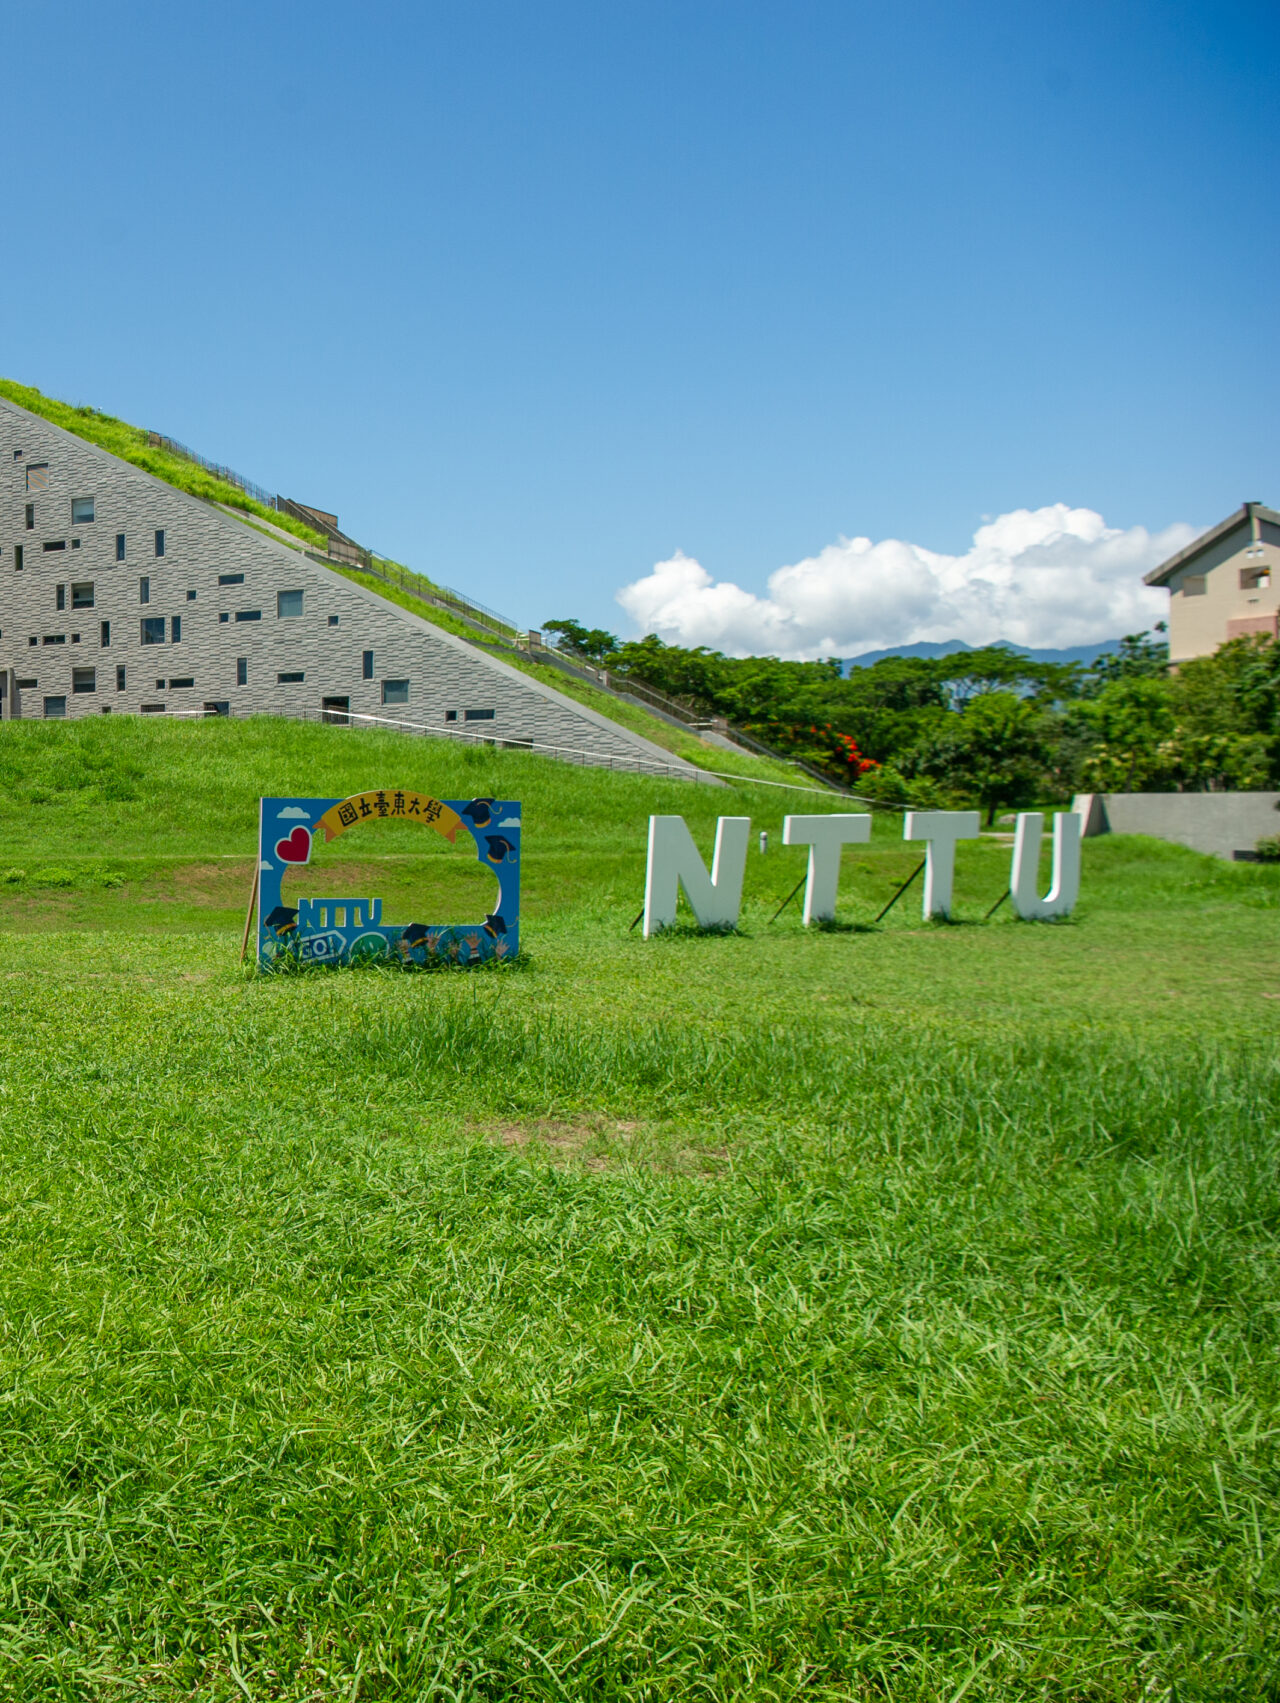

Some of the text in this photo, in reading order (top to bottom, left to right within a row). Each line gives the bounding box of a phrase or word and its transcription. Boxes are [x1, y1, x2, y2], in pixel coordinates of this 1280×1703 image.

[338, 791, 443, 827] 國立臺東大學
[642, 811, 1081, 941] NTTU
[297, 897, 383, 928] NTTU
[301, 936, 335, 958] GO!

^^^^^^^^

Print the entries above exactly, taking out only the pictures.

= RESPONSE BOX =
Some of the text in this photo, in reading order (top to bottom, left to right within a row). Each line gives the bounding box of a phrase or word and its transcription. Boxes are [x1, y1, x2, y2], in pixel coordinates of this 1280×1703 image.

[338, 791, 443, 827] 國立臺東大學
[642, 811, 1081, 941] NTTU
[297, 897, 383, 928] NTTU
[301, 936, 335, 958] GO!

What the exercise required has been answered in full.